Could you output the entries that follow exactly, omitting any pictures they contain?

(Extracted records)
______________________________

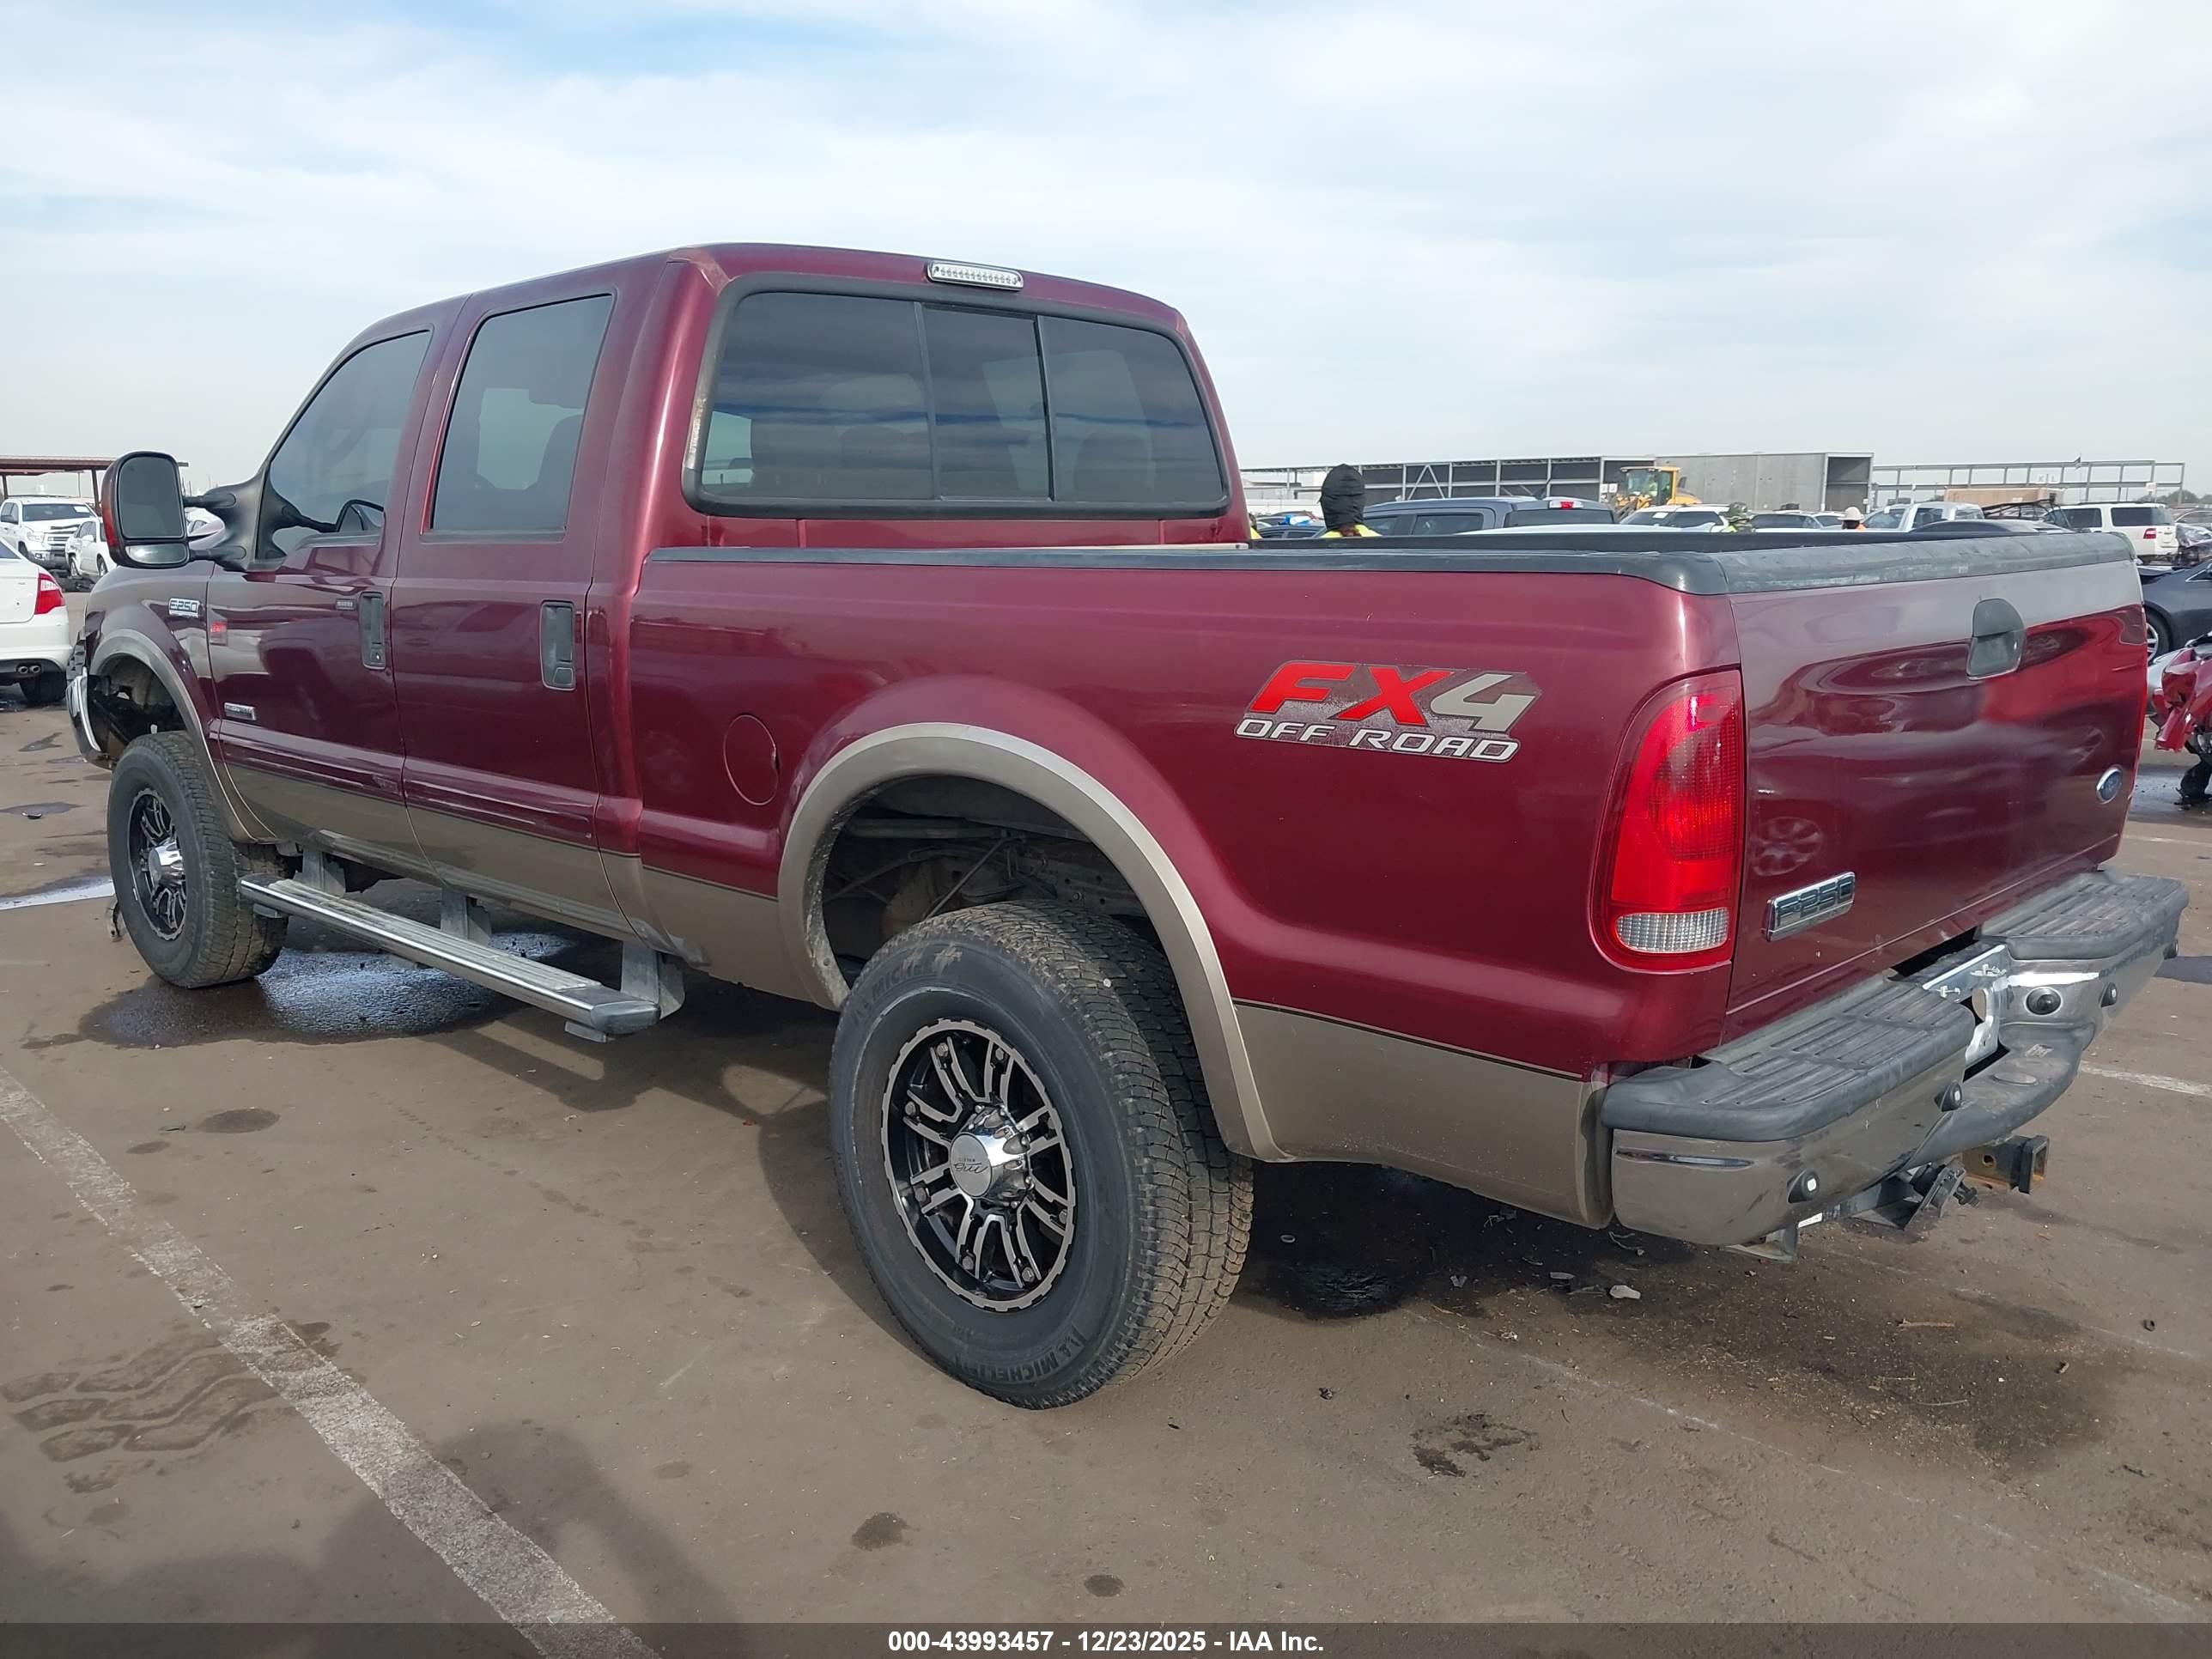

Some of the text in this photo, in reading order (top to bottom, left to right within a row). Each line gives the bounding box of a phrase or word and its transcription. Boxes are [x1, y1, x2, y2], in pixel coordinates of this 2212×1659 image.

[169, 599, 198, 614] F-250
[1249, 661, 1536, 733] FX4
[1235, 719, 1521, 763] OFF ROAD
[1775, 875, 1856, 927] F-250
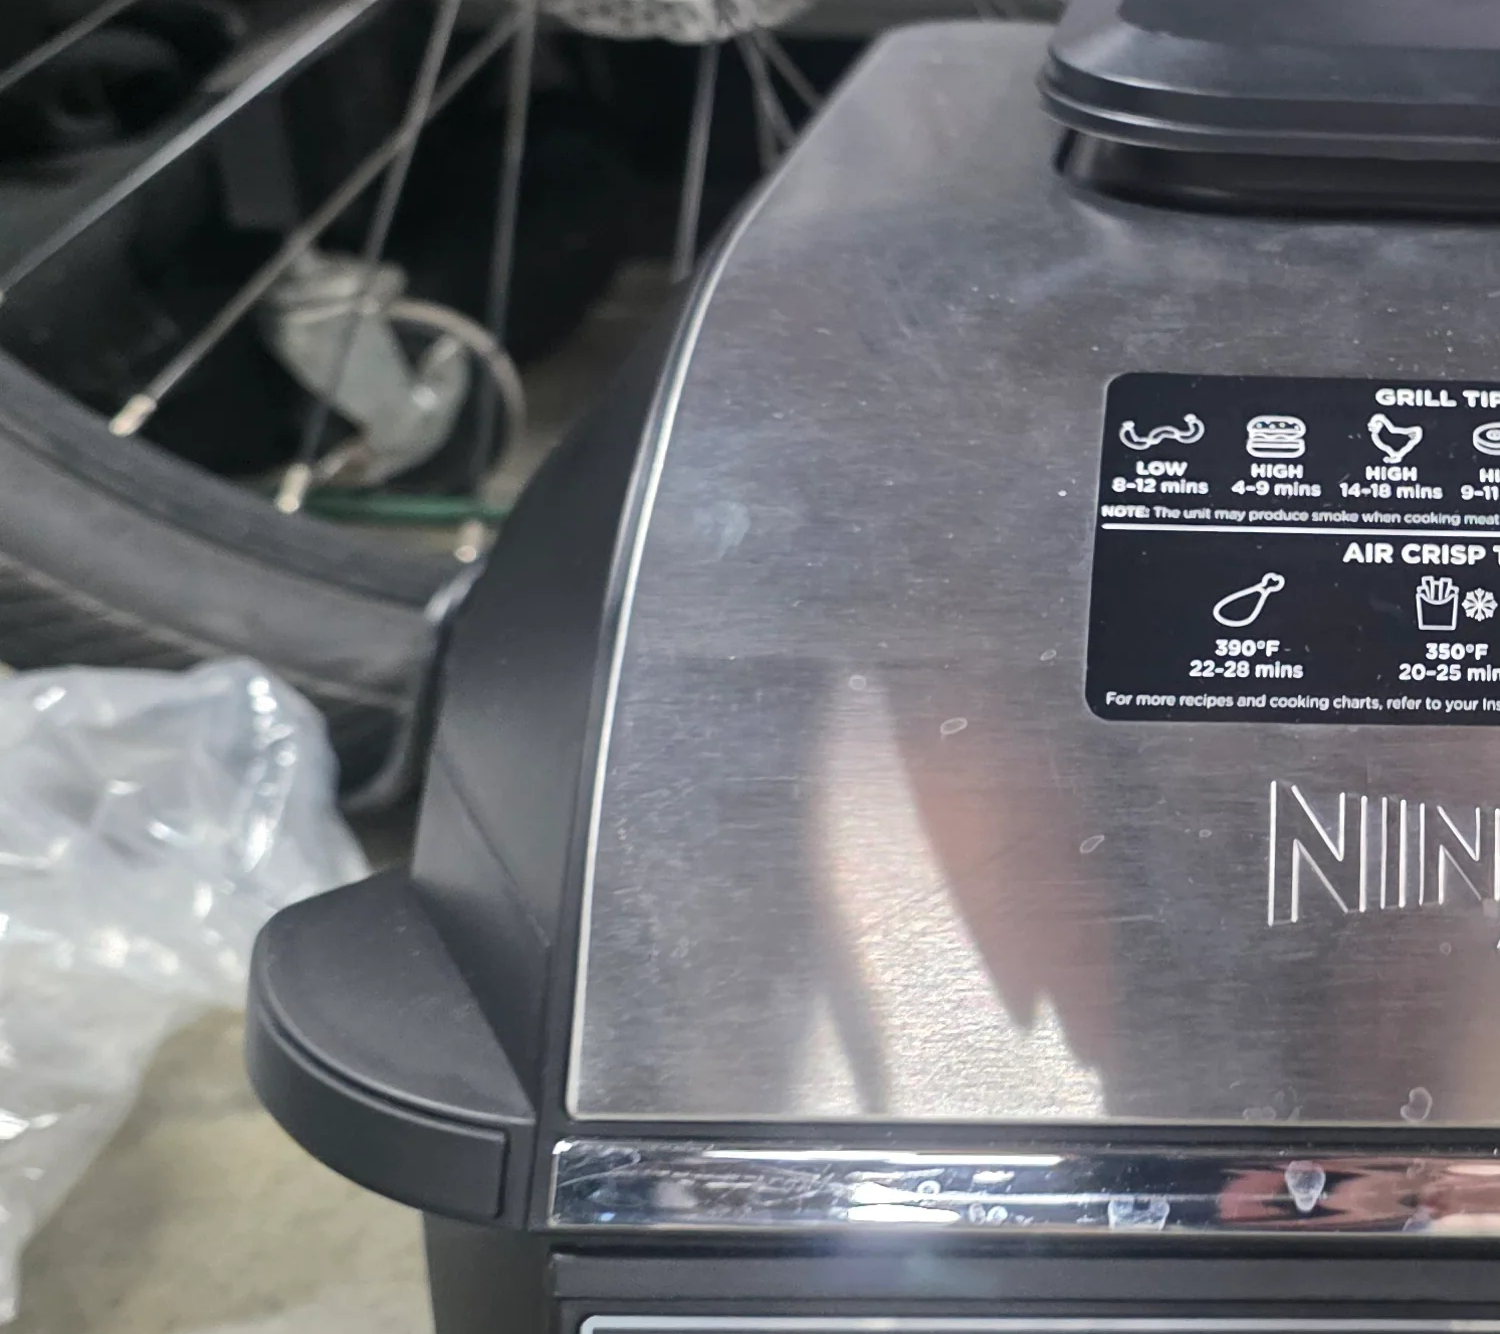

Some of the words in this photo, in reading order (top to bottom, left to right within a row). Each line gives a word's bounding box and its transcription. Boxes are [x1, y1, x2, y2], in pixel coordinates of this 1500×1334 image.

[1375, 388, 1457, 407] GRILL
[1136, 460, 1188, 477] LOW
[1250, 463, 1304, 479] HIGH
[1365, 465, 1417, 482] HIGH
[1111, 477, 1156, 493] 8-12
[1161, 478, 1209, 495] mins
[1231, 479, 1270, 496] 4-9
[1274, 480, 1322, 497] mins
[1339, 482, 1392, 499] 14-18
[1396, 483, 1444, 500] mins
[1461, 485, 1500, 502] 9-11
[1101, 505, 1150, 518] NOTE:
[1153, 506, 1180, 519] The
[1183, 508, 1211, 520] unit
[1214, 510, 1246, 522] may
[1249, 508, 1309, 522] produce
[1311, 510, 1359, 523] smoke
[1362, 511, 1401, 524] when
[1404, 512, 1461, 526] cooking
[1342, 542, 1393, 564] AIR
[1401, 543, 1486, 565] CRISP
[1215, 639, 1280, 657] 390°F
[1425, 642, 1489, 661] 350°F
[1188, 660, 1250, 678] 22-28
[1254, 660, 1304, 679] mins
[1399, 663, 1461, 682] 20-25
[1106, 691, 1133, 706] For
[1136, 694, 1176, 707] more
[1179, 693, 1234, 709] recipes
[1237, 694, 1267, 708] and
[1269, 695, 1329, 711] cooking
[1333, 695, 1383, 711] charts,
[1386, 696, 1422, 710] refer
[1425, 697, 1442, 711] to
[1445, 698, 1479, 713] your

______________________________

_SOLVED PROBLEM_
Some of the text in this photo, in reading order (top to bottom, left to right within a row). Each line gives the bounding box of a phrase or word and its transcription. Boxes are [x1, y1, x2, y2], in pixel coordinates of this 2212×1659 image.

[169, 599, 198, 614] F-250
[1249, 661, 1536, 733] FX4
[1235, 719, 1521, 763] OFF ROAD
[1775, 875, 1856, 927] F-250

Some of the words in this photo, in reading order (top to bottom, left to right within a row). Each line gives a word's bounding box and its transcription. Boxes are [x1, y1, x2, y2], in pixel coordinates of this 1500×1334 image.

[1375, 388, 1457, 407] GRILL
[1136, 460, 1188, 477] LOW
[1250, 463, 1304, 479] HIGH
[1365, 465, 1417, 482] HIGH
[1111, 477, 1156, 493] 8-12
[1161, 478, 1209, 495] mins
[1231, 479, 1270, 496] 4-9
[1274, 480, 1322, 497] mins
[1339, 482, 1392, 499] 14-18
[1396, 483, 1444, 500] mins
[1461, 485, 1500, 502] 9-11
[1101, 505, 1150, 518] NOTE:
[1153, 506, 1180, 519] The
[1183, 508, 1211, 520] unit
[1214, 510, 1246, 522] may
[1249, 508, 1309, 522] produce
[1311, 510, 1359, 523] smoke
[1362, 511, 1401, 524] when
[1404, 512, 1461, 526] cooking
[1342, 542, 1393, 564] AIR
[1401, 543, 1486, 565] CRISP
[1215, 639, 1280, 657] 390°F
[1425, 642, 1489, 661] 350°F
[1188, 660, 1250, 678] 22-28
[1254, 660, 1304, 679] mins
[1399, 663, 1461, 682] 20-25
[1106, 691, 1133, 706] For
[1136, 694, 1176, 707] more
[1179, 693, 1234, 709] recipes
[1237, 694, 1267, 708] and
[1269, 695, 1329, 711] cooking
[1333, 695, 1383, 711] charts,
[1386, 696, 1422, 710] refer
[1425, 697, 1442, 711] to
[1445, 698, 1479, 713] your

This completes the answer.